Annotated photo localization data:
*** Begin section ***

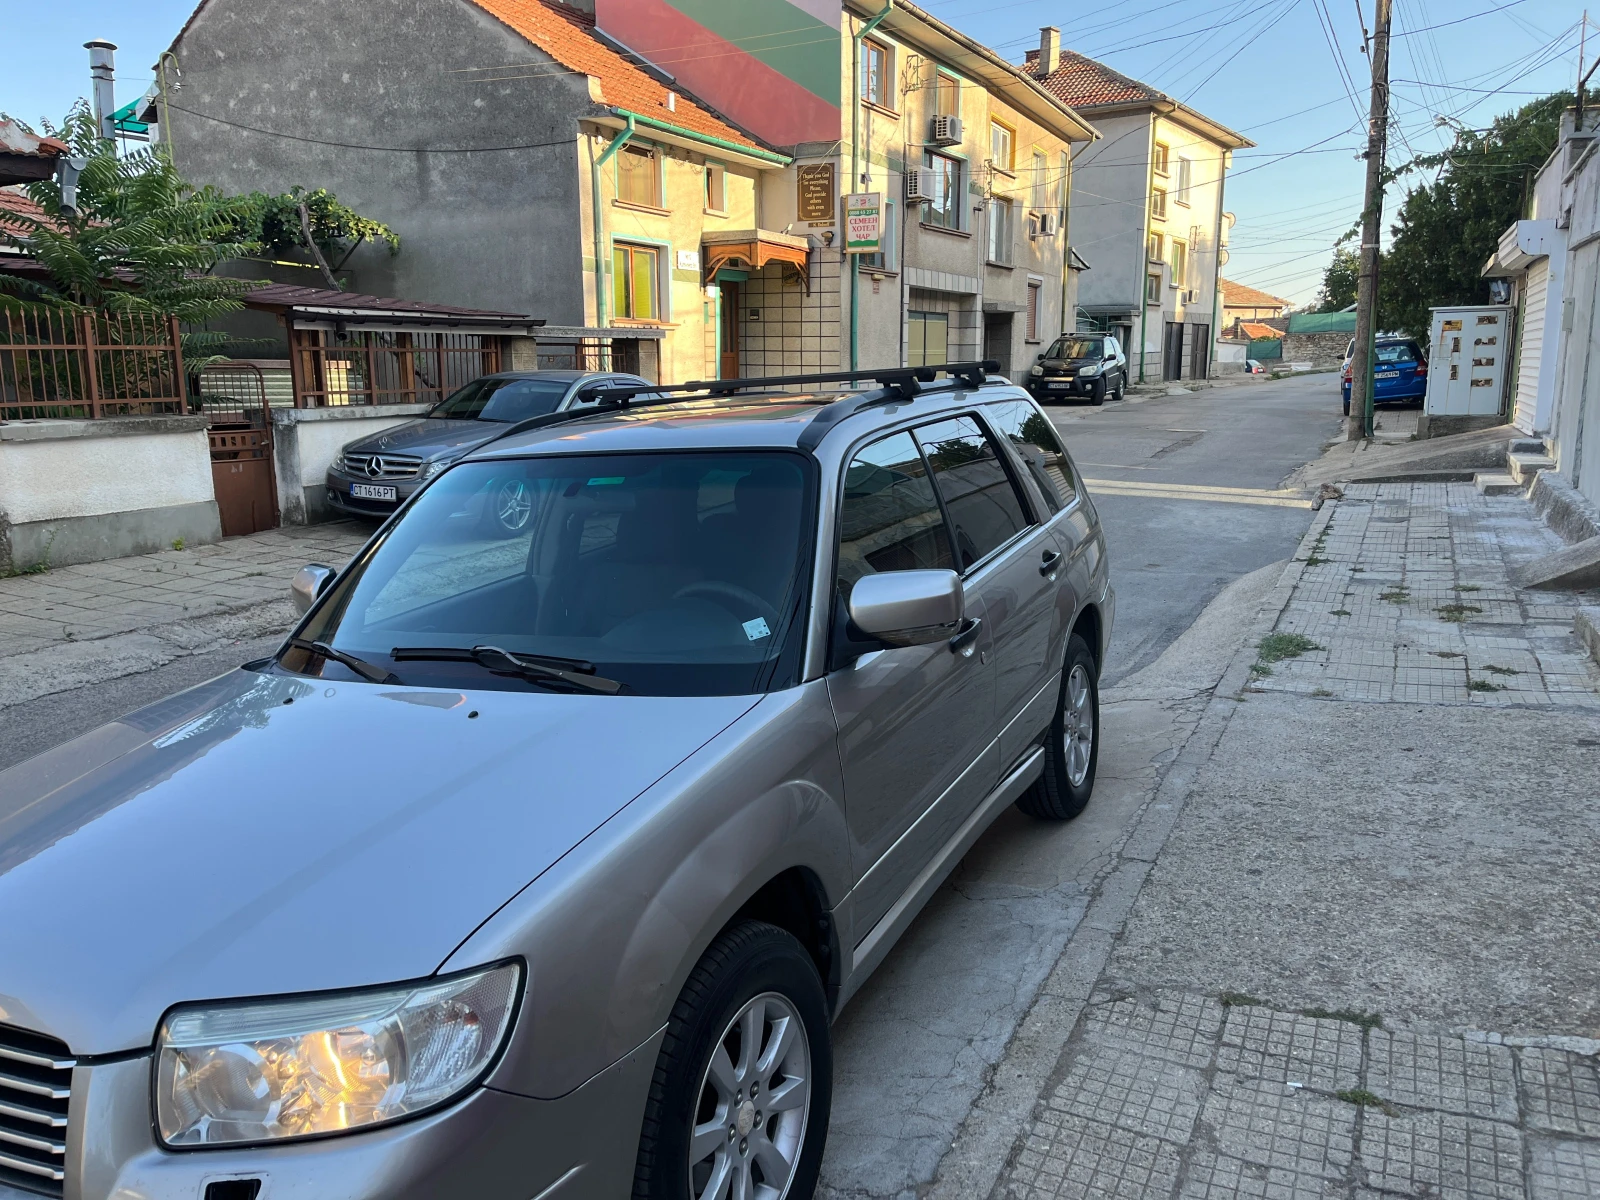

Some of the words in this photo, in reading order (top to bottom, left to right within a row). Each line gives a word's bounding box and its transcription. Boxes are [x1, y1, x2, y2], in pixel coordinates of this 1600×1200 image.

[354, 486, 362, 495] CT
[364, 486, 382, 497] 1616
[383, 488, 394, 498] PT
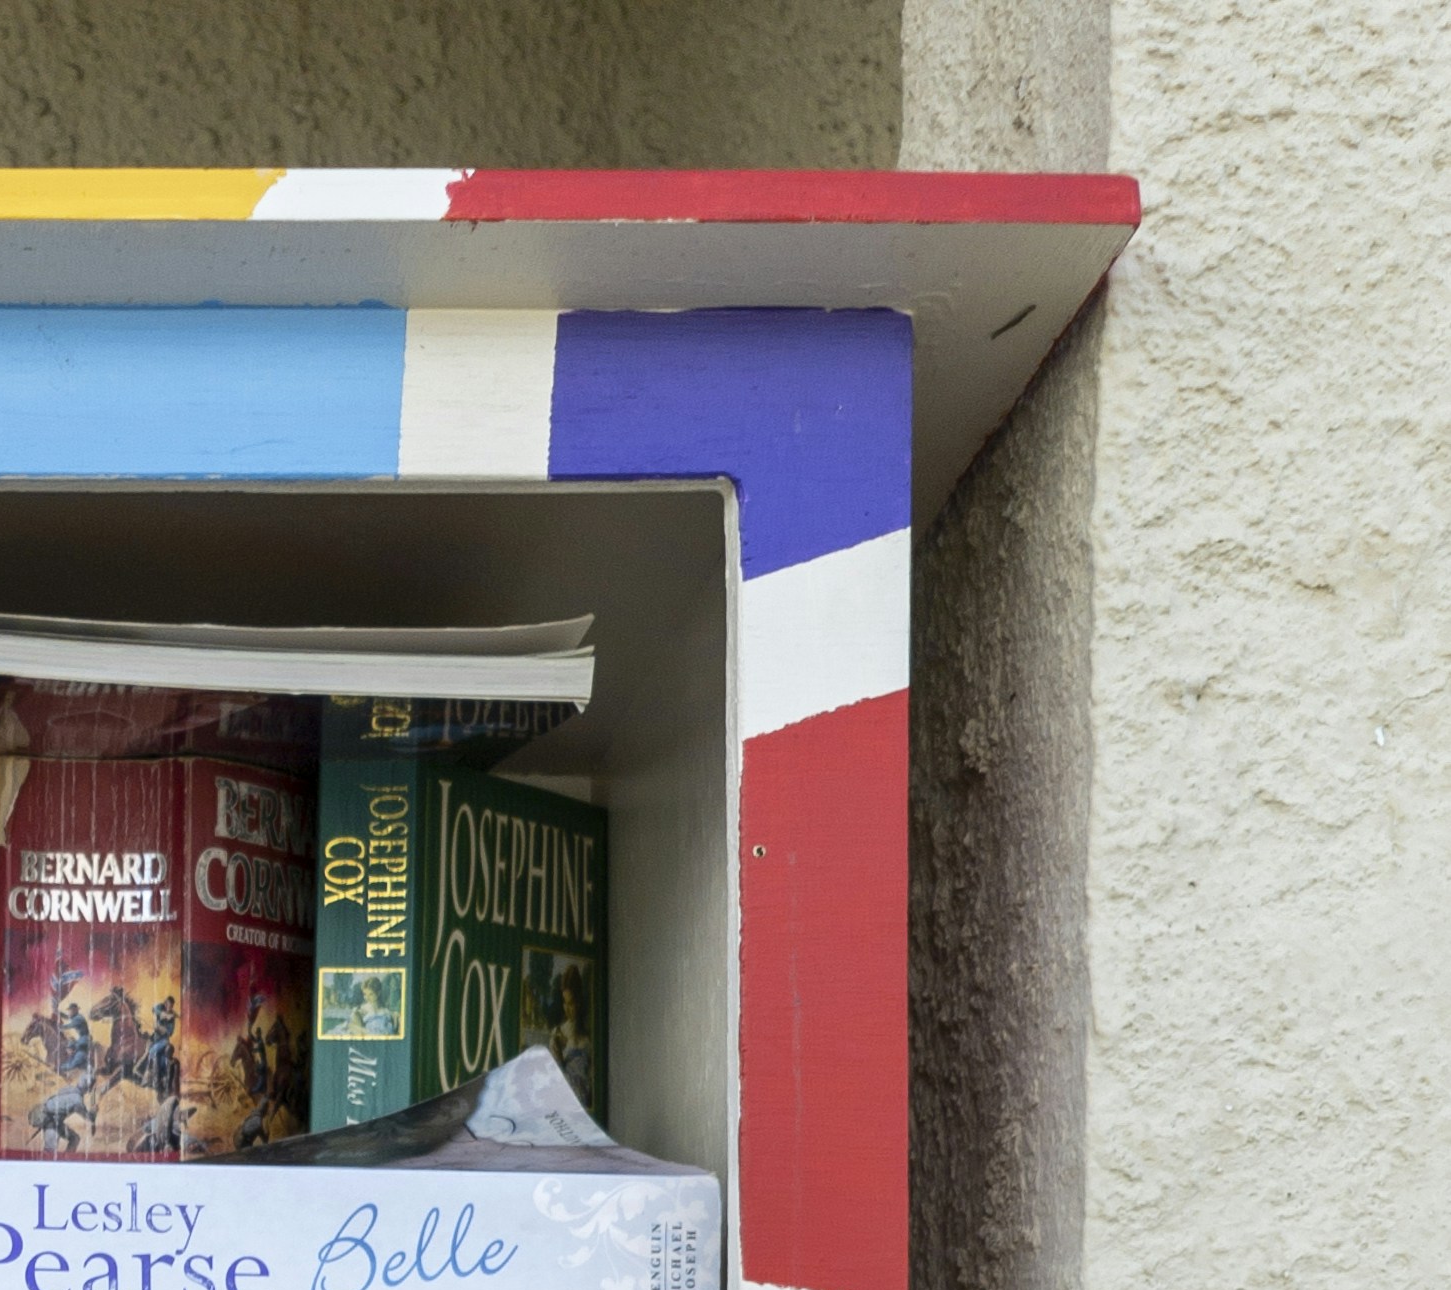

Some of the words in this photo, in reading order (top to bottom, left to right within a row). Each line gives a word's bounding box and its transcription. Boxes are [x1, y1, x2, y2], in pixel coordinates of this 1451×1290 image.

*** End section ***

## Instructions for the task
All entries above are to be reproduced exactly, with no pictures.

## Output of the task
Some of the words in this photo, in reading order (top to bottom, left to right within a row). Each line gives a word's bounding box and its transcription. Boxes are [x1, y1, x2, y2], in pixel coordinates of this 1600×1200 image.

[354, 486, 362, 495] CT
[364, 486, 382, 497] 1616
[383, 488, 394, 498] PT

Some of the words in this photo, in reading order (top to bottom, left to right within a row). Each line gives a word's bounding box and its transcription. Boxes are [x1, y1, x2, y2], in pixel coordinates of this 1451×1290 image.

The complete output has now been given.